Records from a dataset:
===============
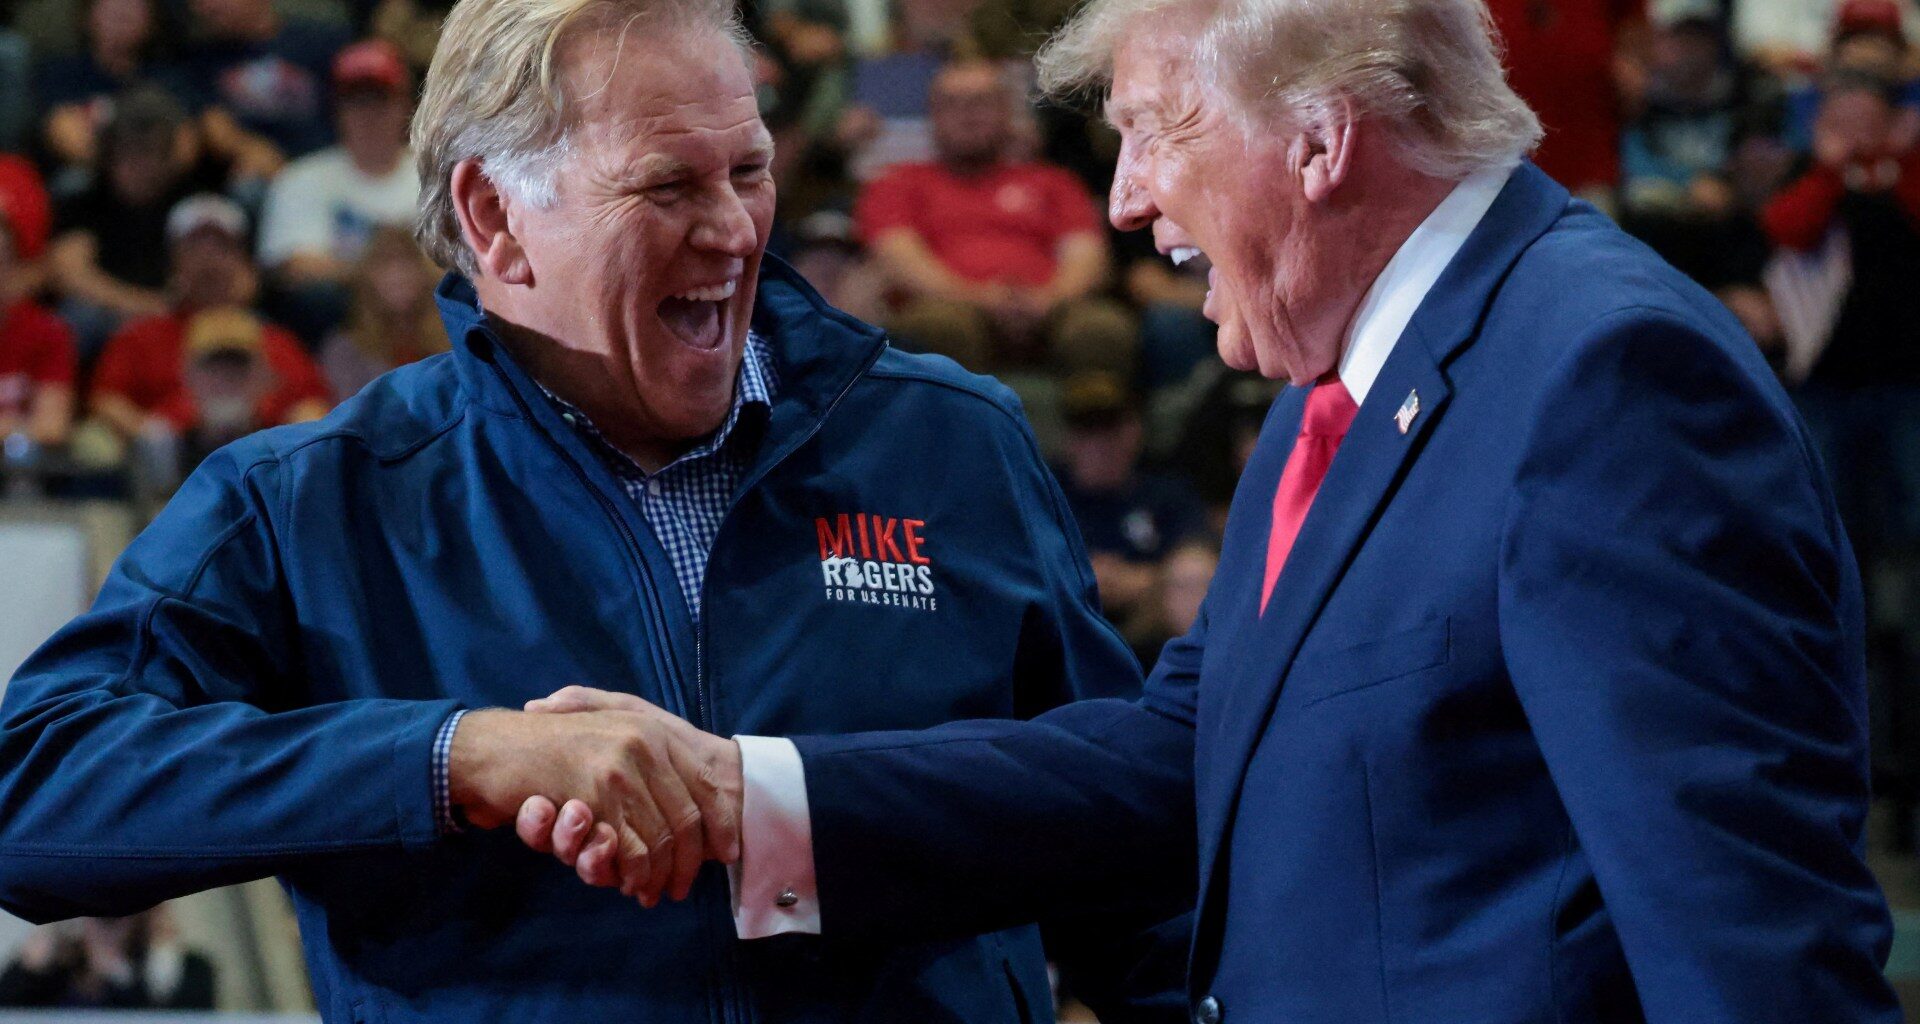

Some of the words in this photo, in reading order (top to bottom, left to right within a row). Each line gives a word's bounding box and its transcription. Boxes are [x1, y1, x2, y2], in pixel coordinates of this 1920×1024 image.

[815, 512, 931, 565] MIKE
[826, 588, 856, 601] FOR
[861, 590, 880, 605] U.S.
[883, 592, 937, 611] SENATE
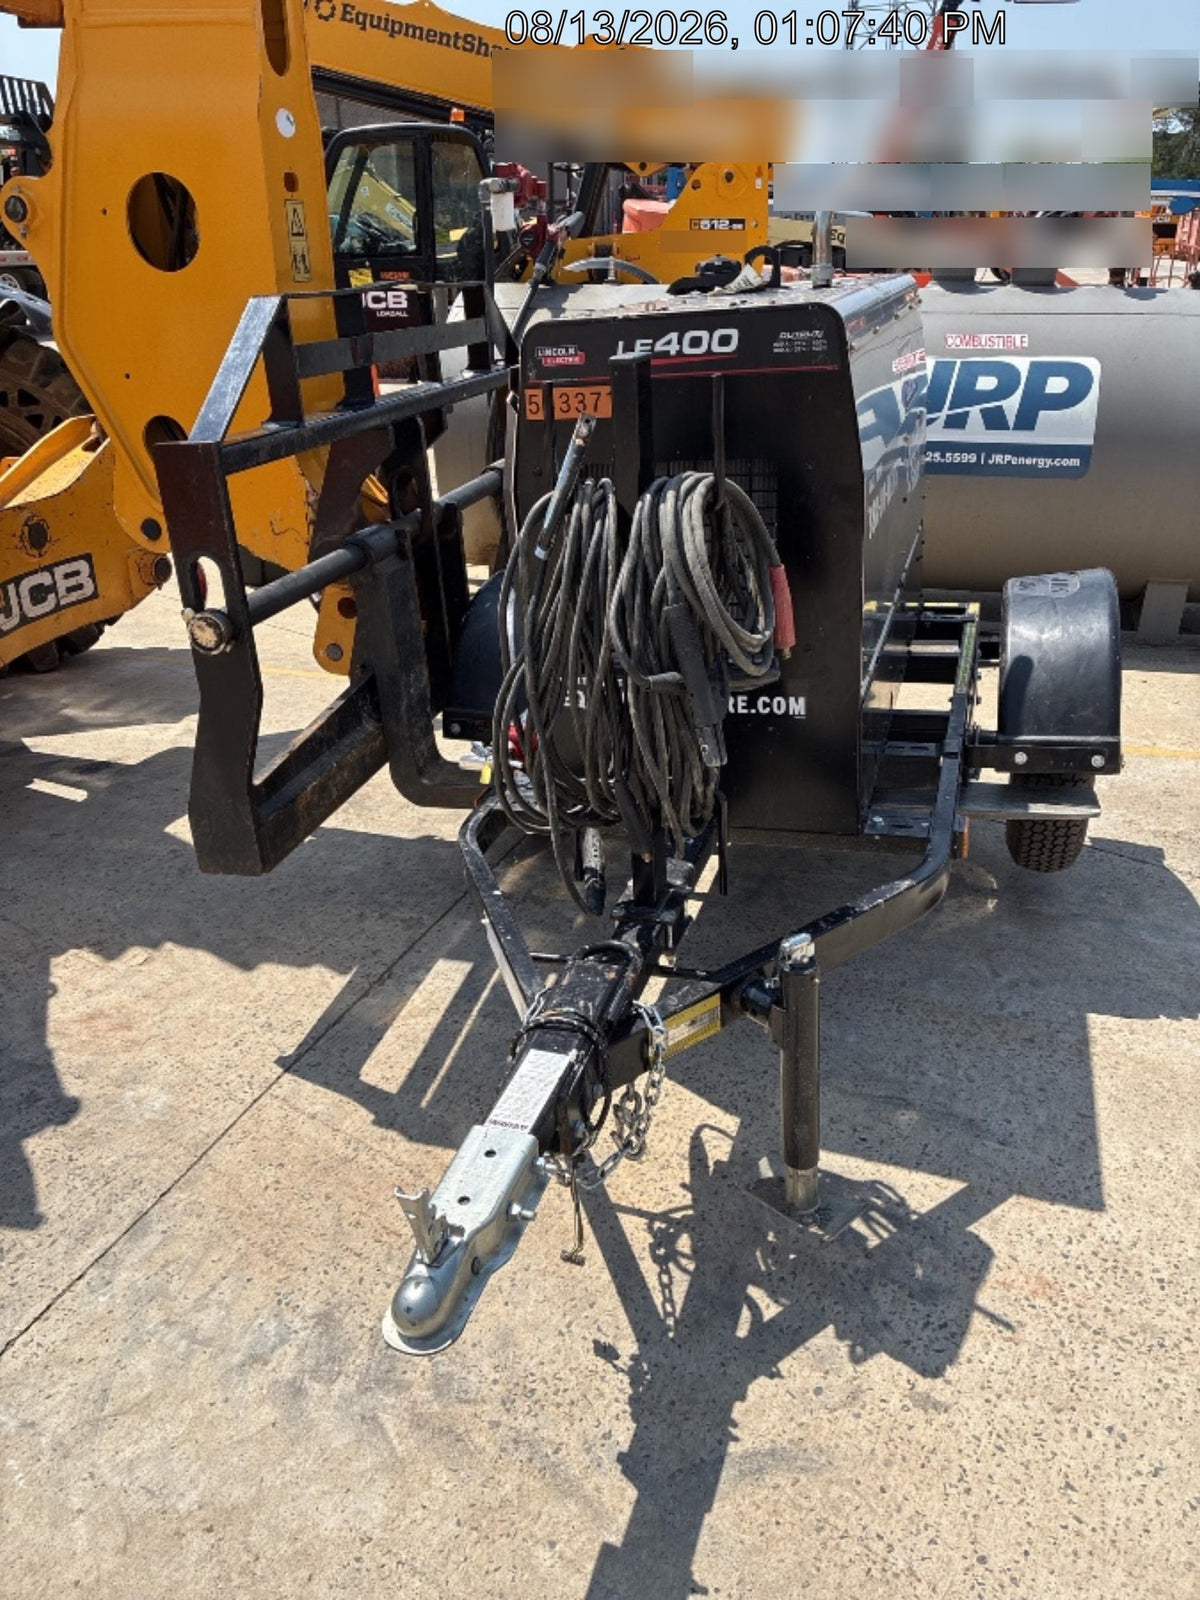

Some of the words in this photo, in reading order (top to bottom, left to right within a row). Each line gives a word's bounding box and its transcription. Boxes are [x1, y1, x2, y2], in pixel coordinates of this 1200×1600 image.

[615, 328, 739, 357] LE400
[945, 334, 1028, 349] COMBUSTIBLE
[537, 347, 576, 357] LINCOLN
[988, 452, 1080, 468] JRPenergy.com
[0, 560, 95, 632] JCB
===============
> What you should do:
Start at the line containing "this 1200×1600 image." and copy each line through the last one in the records, exactly and with nothing added.

> Answer section:
Some of the words in this photo, in reading order (top to bottom, left to right within a row). Each line gives a word's bounding box and its transcription. Boxes are [x1, y1, x2, y2], in pixel coordinates of this 1200×1600 image.

[615, 328, 739, 357] LE400
[945, 334, 1028, 349] COMBUSTIBLE
[537, 347, 576, 357] LINCOLN
[988, 452, 1080, 468] JRPenergy.com
[0, 560, 95, 632] JCB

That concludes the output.